Work item — All that is asked is a faithful reproduction of the entries.

Task material —
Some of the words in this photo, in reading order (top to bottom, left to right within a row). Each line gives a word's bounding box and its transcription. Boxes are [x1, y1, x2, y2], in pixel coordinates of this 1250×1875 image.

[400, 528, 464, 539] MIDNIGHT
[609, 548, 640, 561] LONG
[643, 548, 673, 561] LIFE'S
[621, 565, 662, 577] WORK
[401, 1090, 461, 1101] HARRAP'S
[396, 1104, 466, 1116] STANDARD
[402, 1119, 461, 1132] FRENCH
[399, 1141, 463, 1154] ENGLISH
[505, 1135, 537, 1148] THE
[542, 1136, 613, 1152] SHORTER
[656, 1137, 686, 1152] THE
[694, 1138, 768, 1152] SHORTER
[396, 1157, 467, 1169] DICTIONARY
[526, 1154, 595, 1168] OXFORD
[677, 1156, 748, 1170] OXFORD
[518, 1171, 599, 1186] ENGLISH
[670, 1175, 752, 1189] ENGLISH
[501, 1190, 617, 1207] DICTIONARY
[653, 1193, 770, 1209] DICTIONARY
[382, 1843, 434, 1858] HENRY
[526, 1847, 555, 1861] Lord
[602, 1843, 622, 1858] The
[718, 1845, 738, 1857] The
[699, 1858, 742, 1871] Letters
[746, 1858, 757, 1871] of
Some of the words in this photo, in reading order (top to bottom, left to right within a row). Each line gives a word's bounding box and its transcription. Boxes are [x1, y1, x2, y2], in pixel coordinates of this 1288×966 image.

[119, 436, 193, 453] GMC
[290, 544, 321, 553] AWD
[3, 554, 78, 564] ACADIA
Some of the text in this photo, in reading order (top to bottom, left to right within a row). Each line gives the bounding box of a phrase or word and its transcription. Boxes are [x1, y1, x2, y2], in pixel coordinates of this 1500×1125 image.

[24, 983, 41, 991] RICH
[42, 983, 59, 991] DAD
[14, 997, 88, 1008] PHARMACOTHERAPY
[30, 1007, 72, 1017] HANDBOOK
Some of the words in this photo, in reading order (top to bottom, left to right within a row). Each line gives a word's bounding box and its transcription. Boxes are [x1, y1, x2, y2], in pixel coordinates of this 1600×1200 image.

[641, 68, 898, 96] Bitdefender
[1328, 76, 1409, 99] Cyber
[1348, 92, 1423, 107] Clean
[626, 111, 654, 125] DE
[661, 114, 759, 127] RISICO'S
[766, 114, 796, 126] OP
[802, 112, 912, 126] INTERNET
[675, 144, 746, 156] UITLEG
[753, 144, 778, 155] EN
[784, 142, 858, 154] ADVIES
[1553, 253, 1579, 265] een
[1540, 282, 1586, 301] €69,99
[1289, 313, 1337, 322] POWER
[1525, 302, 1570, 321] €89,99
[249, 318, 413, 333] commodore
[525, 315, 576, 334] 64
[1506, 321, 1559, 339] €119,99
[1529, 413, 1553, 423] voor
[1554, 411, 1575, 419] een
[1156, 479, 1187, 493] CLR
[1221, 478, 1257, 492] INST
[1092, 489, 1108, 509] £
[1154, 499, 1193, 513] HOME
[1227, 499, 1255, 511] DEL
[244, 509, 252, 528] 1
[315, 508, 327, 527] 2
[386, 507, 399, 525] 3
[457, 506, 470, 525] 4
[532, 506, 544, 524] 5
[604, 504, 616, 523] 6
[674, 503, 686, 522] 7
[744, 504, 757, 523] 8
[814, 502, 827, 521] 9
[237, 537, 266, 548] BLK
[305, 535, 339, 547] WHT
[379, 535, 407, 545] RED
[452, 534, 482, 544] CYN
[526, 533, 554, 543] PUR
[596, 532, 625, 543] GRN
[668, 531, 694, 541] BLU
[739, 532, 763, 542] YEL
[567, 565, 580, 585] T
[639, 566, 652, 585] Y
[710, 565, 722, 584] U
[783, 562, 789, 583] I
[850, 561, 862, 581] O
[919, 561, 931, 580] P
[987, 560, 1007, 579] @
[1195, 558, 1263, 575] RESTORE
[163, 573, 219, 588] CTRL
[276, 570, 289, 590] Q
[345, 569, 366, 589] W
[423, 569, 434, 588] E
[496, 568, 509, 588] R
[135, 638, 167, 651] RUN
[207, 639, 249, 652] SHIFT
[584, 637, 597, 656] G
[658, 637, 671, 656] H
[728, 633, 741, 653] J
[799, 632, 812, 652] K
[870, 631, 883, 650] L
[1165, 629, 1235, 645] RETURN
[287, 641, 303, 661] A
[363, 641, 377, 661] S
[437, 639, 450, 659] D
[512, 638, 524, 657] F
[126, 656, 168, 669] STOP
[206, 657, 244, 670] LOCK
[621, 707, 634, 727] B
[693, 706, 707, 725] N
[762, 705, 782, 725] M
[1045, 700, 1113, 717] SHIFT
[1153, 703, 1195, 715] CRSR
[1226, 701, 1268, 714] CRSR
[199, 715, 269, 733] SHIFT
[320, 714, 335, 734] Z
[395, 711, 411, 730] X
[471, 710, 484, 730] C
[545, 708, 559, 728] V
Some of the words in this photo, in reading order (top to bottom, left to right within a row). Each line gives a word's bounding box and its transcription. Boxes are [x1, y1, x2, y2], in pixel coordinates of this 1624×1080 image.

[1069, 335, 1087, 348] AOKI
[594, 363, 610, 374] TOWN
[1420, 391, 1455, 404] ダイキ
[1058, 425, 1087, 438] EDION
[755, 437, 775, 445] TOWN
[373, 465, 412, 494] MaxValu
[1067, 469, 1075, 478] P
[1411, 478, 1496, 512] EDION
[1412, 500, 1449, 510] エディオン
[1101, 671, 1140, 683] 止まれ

Expected answer —
Some of the words in this photo, in reading order (top to bottom, left to right within a row). Each line gives a word's bounding box and its transcription. Boxes are [x1, y1, x2, y2], in pixel coordinates of this 1250×1875 image.

[400, 528, 464, 539] MIDNIGHT
[609, 548, 640, 561] LONG
[643, 548, 673, 561] LIFE'S
[621, 565, 662, 577] WORK
[401, 1090, 461, 1101] HARRAP'S
[396, 1104, 466, 1116] STANDARD
[402, 1119, 461, 1132] FRENCH
[399, 1141, 463, 1154] ENGLISH
[505, 1135, 537, 1148] THE
[542, 1136, 613, 1152] SHORTER
[656, 1137, 686, 1152] THE
[694, 1138, 768, 1152] SHORTER
[396, 1157, 467, 1169] DICTIONARY
[526, 1154, 595, 1168] OXFORD
[677, 1156, 748, 1170] OXFORD
[518, 1171, 599, 1186] ENGLISH
[670, 1175, 752, 1189] ENGLISH
[501, 1190, 617, 1207] DICTIONARY
[653, 1193, 770, 1209] DICTIONARY
[382, 1843, 434, 1858] HENRY
[526, 1847, 555, 1861] Lord
[602, 1843, 622, 1858] The
[718, 1845, 738, 1857] The
[699, 1858, 742, 1871] Letters
[746, 1858, 757, 1871] of
Some of the words in this photo, in reading order (top to bottom, left to right within a row). Each line gives a word's bounding box and its transcription. Boxes are [x1, y1, x2, y2], in pixel coordinates of this 1288×966 image.

[119, 436, 193, 453] GMC
[290, 544, 321, 553] AWD
[3, 554, 78, 564] ACADIA
Some of the text in this photo, in reading order (top to bottom, left to right within a row). Each line gives the bounding box of a phrase or word and its transcription. Boxes are [x1, y1, x2, y2], in pixel coordinates of this 1500×1125 image.

[24, 983, 41, 991] RICH
[42, 983, 59, 991] DAD
[14, 997, 88, 1008] PHARMACOTHERAPY
[30, 1007, 72, 1017] HANDBOOK
Some of the words in this photo, in reading order (top to bottom, left to right within a row). Each line gives a word's bounding box and its transcription. Boxes are [x1, y1, x2, y2], in pixel coordinates of this 1600×1200 image.

[641, 68, 898, 96] Bitdefender
[1328, 76, 1409, 99] Cyber
[1348, 92, 1423, 107] Clean
[626, 111, 654, 125] DE
[661, 114, 759, 127] RISICO'S
[766, 114, 796, 126] OP
[802, 112, 912, 126] INTERNET
[675, 144, 746, 156] UITLEG
[753, 144, 778, 155] EN
[784, 142, 858, 154] ADVIES
[1553, 253, 1579, 265] een
[1540, 282, 1586, 301] €69,99
[1289, 313, 1337, 322] POWER
[1525, 302, 1570, 321] €89,99
[249, 318, 413, 333] commodore
[525, 315, 576, 334] 64
[1506, 321, 1559, 339] €119,99
[1529, 413, 1553, 423] voor
[1554, 411, 1575, 419] een
[1156, 479, 1187, 493] CLR
[1221, 478, 1257, 492] INST
[1092, 489, 1108, 509] £
[1154, 499, 1193, 513] HOME
[1227, 499, 1255, 511] DEL
[244, 509, 252, 528] 1
[315, 508, 327, 527] 2
[386, 507, 399, 525] 3
[457, 506, 470, 525] 4
[532, 506, 544, 524] 5
[604, 504, 616, 523] 6
[674, 503, 686, 522] 7
[744, 504, 757, 523] 8
[814, 502, 827, 521] 9
[237, 537, 266, 548] BLK
[305, 535, 339, 547] WHT
[379, 535, 407, 545] RED
[452, 534, 482, 544] CYN
[526, 533, 554, 543] PUR
[596, 532, 625, 543] GRN
[668, 531, 694, 541] BLU
[739, 532, 763, 542] YEL
[567, 565, 580, 585] T
[639, 566, 652, 585] Y
[710, 565, 722, 584] U
[783, 562, 789, 583] I
[850, 561, 862, 581] O
[919, 561, 931, 580] P
[987, 560, 1007, 579] @
[1195, 558, 1263, 575] RESTORE
[163, 573, 219, 588] CTRL
[276, 570, 289, 590] Q
[345, 569, 366, 589] W
[423, 569, 434, 588] E
[496, 568, 509, 588] R
[135, 638, 167, 651] RUN
[207, 639, 249, 652] SHIFT
[584, 637, 597, 656] G
[658, 637, 671, 656] H
[728, 633, 741, 653] J
[799, 632, 812, 652] K
[870, 631, 883, 650] L
[1165, 629, 1235, 645] RETURN
[287, 641, 303, 661] A
[363, 641, 377, 661] S
[437, 639, 450, 659] D
[512, 638, 524, 657] F
[126, 656, 168, 669] STOP
[206, 657, 244, 670] LOCK
[621, 707, 634, 727] B
[693, 706, 707, 725] N
[762, 705, 782, 725] M
[1045, 700, 1113, 717] SHIFT
[1153, 703, 1195, 715] CRSR
[1226, 701, 1268, 714] CRSR
[199, 715, 269, 733] SHIFT
[320, 714, 335, 734] Z
[395, 711, 411, 730] X
[471, 710, 484, 730] C
[545, 708, 559, 728] V
Some of the words in this photo, in reading order (top to bottom, left to right within a row). Each line gives a word's bounding box and its transcription. Boxes are [x1, y1, x2, y2], in pixel coordinates of this 1624×1080 image.

[1069, 335, 1087, 348] AOKI
[594, 363, 610, 374] TOWN
[1420, 391, 1455, 404] ダイキ
[1058, 425, 1087, 438] EDION
[755, 437, 775, 445] TOWN
[373, 465, 412, 494] MaxValu
[1067, 469, 1075, 478] P
[1411, 478, 1496, 512] EDION
[1412, 500, 1449, 510] エディオン
[1101, 671, 1140, 683] 止まれ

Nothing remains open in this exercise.